- **Task to carry out**: Give the records again exactly. Pictures do not belong in the copy.

- **Data items**:

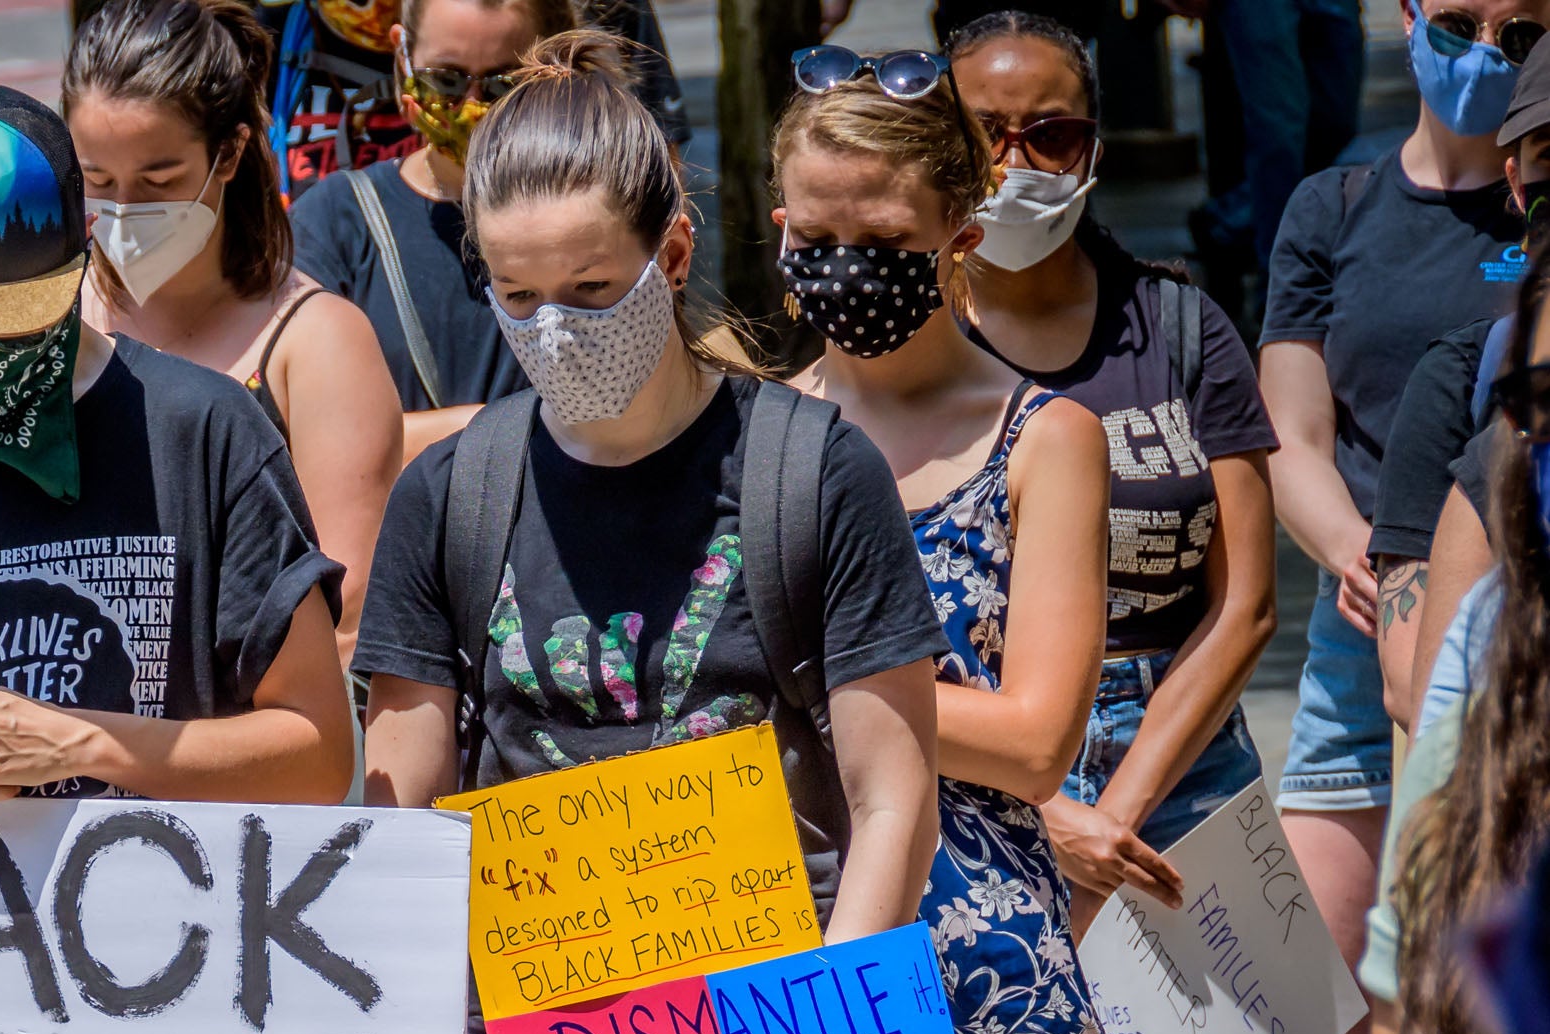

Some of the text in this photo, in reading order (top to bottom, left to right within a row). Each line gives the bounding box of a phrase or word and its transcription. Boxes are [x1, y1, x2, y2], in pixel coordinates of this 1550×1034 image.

[0, 536, 112, 566] RESTORATIVE
[114, 535, 177, 554] JUSTICE
[134, 580, 175, 597] BLACK
[143, 625, 172, 639] VALUE
[468, 753, 764, 842] The only way to
[578, 856, 600, 882] a
[609, 825, 717, 876] system
[1236, 795, 1307, 945] BLACK
[485, 860, 797, 952] designed to rip apart
[510, 907, 814, 1003] BLACK FAMILIES is
[908, 938, 947, 1017] it!
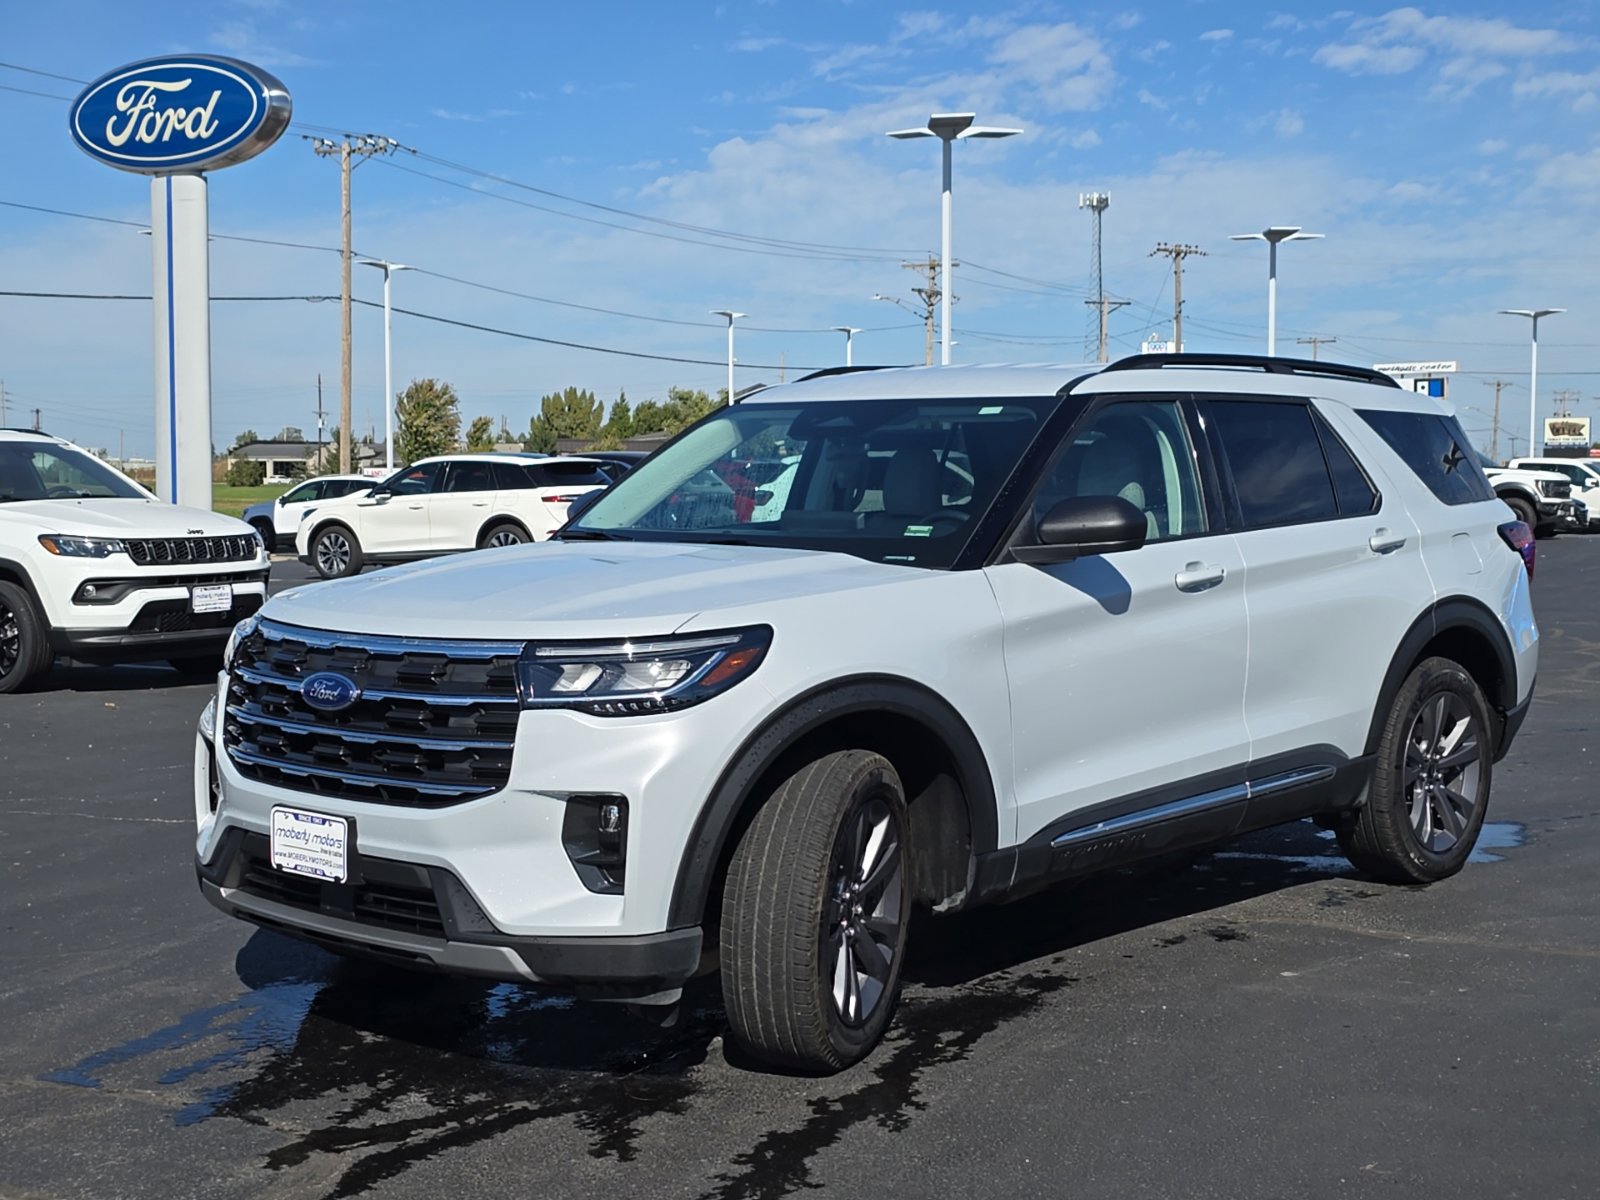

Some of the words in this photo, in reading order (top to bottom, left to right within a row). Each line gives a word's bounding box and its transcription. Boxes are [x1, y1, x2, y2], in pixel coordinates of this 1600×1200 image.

[106, 78, 222, 146] Ford
[310, 679, 342, 701] Ford
[275, 826, 310, 845] moberly
[312, 833, 343, 849] motors

- **Solved exercise**:
Some of the text in this photo, in reading order (top to bottom, left to right within a row). Each line gives the bounding box of a phrase or word and its transcription. Boxes are [x1, y1, x2, y2], in pixel coordinates of this 1550×1034 image.

[0, 536, 112, 566] RESTORATIVE
[114, 535, 177, 554] JUSTICE
[134, 580, 175, 597] BLACK
[143, 625, 172, 639] VALUE
[468, 753, 764, 842] The only way to
[578, 856, 600, 882] a
[609, 825, 717, 876] system
[1236, 795, 1307, 945] BLACK
[485, 860, 797, 952] designed to rip apart
[510, 907, 814, 1003] BLACK FAMILIES is
[908, 938, 947, 1017] it!

Some of the words in this photo, in reading order (top to bottom, left to right within a row). Each line gives a word's bounding box and its transcription. Boxes are [x1, y1, x2, y2], in pixel coordinates of this 1600×1200 image.

[106, 78, 222, 146] Ford
[310, 679, 342, 701] Ford
[275, 826, 310, 845] moberly
[312, 833, 343, 849] motors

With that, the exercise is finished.